We didn’t have food to eat. When the baby came, I walked to the social service’s office five miles away. You stayed home and drank. I had the baby. I had only enough bus fare to take the bus one way. They belittled me. Everything must me my fault. Ignorant woman that I was to have gotten pregnant so early. They thought I was a teenager, but I outgrew you by four days. On the way home, I hawked my wedding ring so that we would have a bit of cash. Thirty dollars for a cigar band. On the way home, I stopped to buy food for us. Orange juice, frozen pizza, formula, salad: these were for us both. I was starving. You ate the pizza while I showered and put the baby down for a nap. I drank the juice.

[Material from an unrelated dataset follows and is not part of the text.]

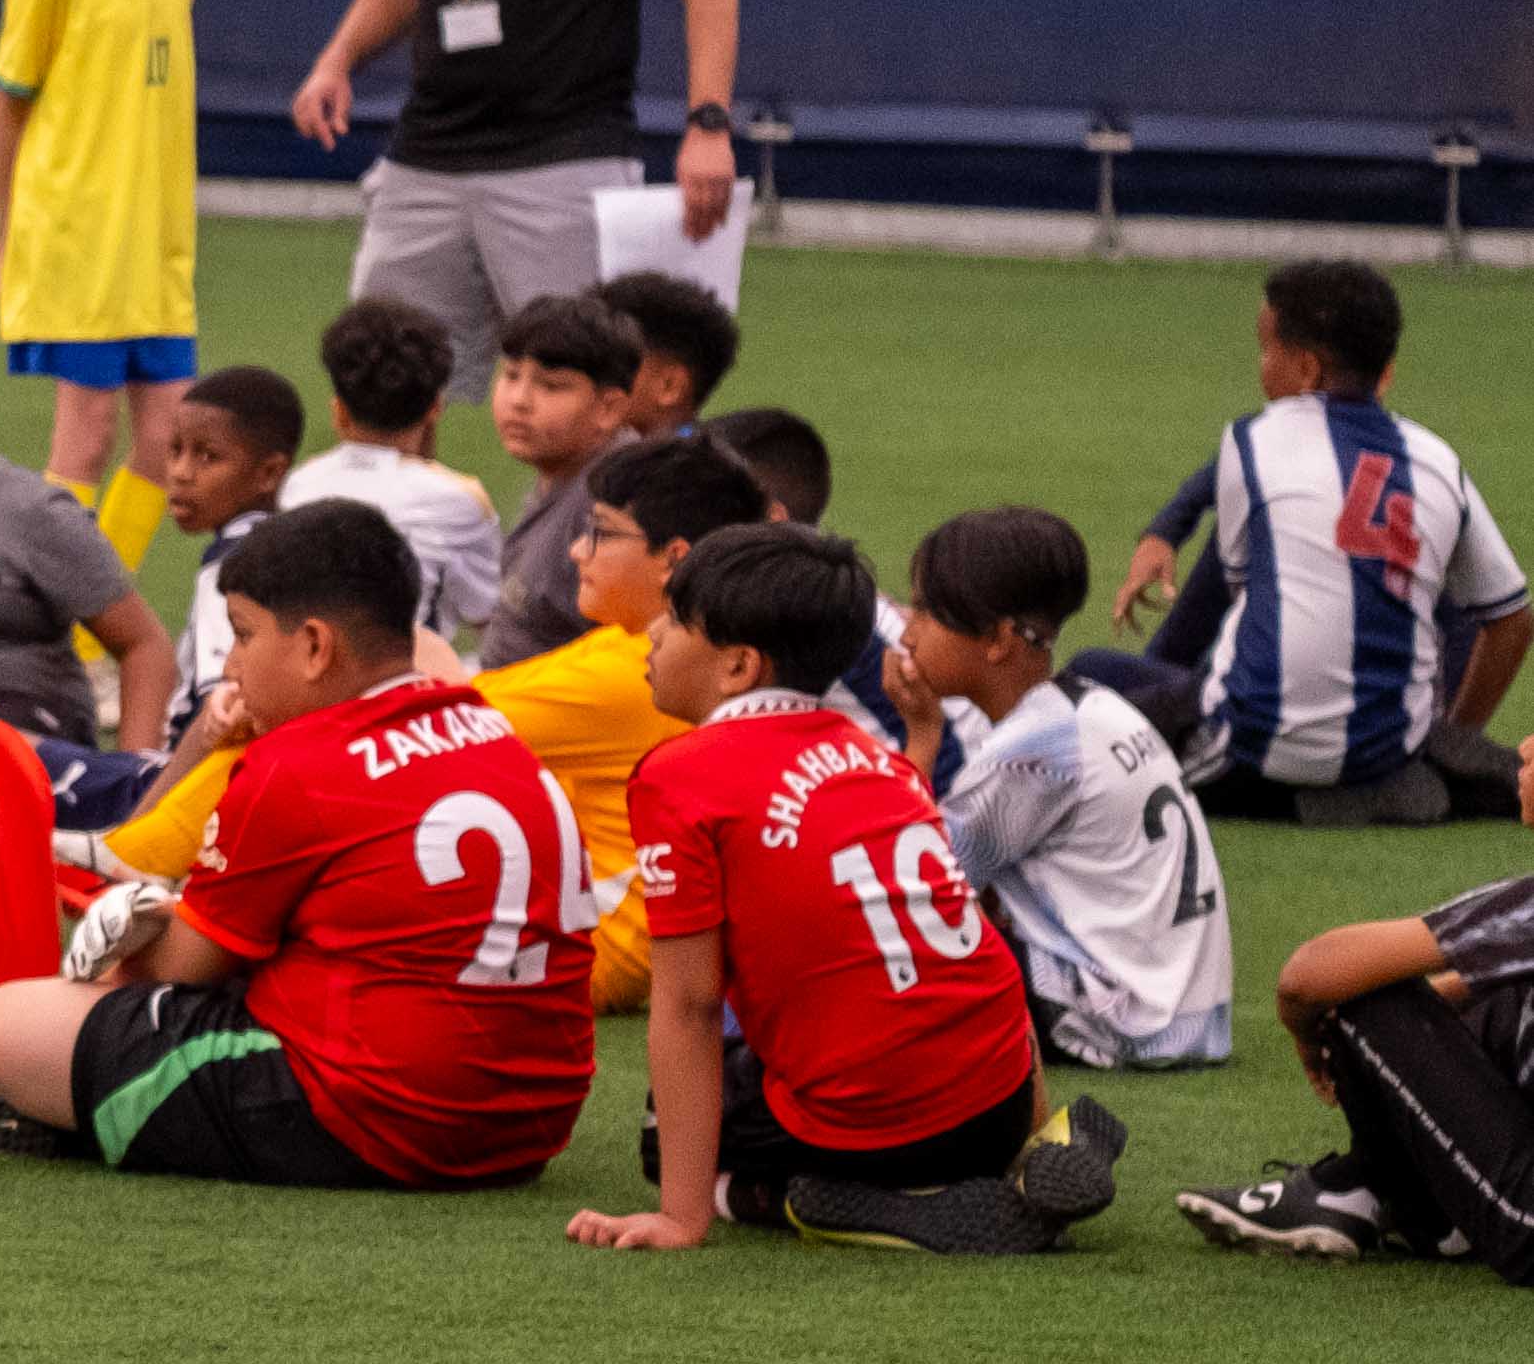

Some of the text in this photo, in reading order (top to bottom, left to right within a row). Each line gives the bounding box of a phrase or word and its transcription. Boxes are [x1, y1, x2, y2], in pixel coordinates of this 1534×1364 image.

You took care of the baby while I found a job. Minimum wage to fold household goods. The manager told me I had one month to fix the department. I finished in one day. Everything tagged, Everything in its own place. He offered me a management job if I could move to Tennessee. Our car was dead. The company closed at the end of the month. Your parents blamed me for our poverty. How could such an educated woman live in squalor? You were expunged from the US Army’s roll call.

My aunt and uncle tried to straighten you out. They fixed me. I could smile at their house. I cleaned, worked for my aunt, and the second baby arrived. They gave us up.

We separated. I was to return to the Army, but they told me I had to give my children up for adoption. That wasn’t going to happen. I worked at a bank of hopelessness. It didn’t cover our rent or childcare. You drank and slept while the baby slept on your chest.

I pulled us together. I set rules, worked my way through a graduate degree, got a teaching job. Your son failed first grade. He called his classmates, “You little shit birds.” You got detention from his teacher, a minister’s wife. Your daughter had large eyes, a timid nature, and fear.

You got a job, and all turned into sunshine. Your boy worried us to death, your daughter fought at school. She swore like her brother. I took care of the swearing. I had power.

Then like a fool, I broke. My brain fried. I had trouble walking. I would sleep through teaching. Your mother told me to slow down. Your father drank. Your mother cried, and I bled for her. It was too much for her. She died. He drank.

You stayed sober, but despaired. Everything I did wrong, you looked at me with leaden eyes. I kept telling you I loved you. Tonight was the last.

After you called tonight, I went to the park and looked across the Potomac. As the sun went down, I did the only thing I could do to let you know how much I loved you. The water was cold.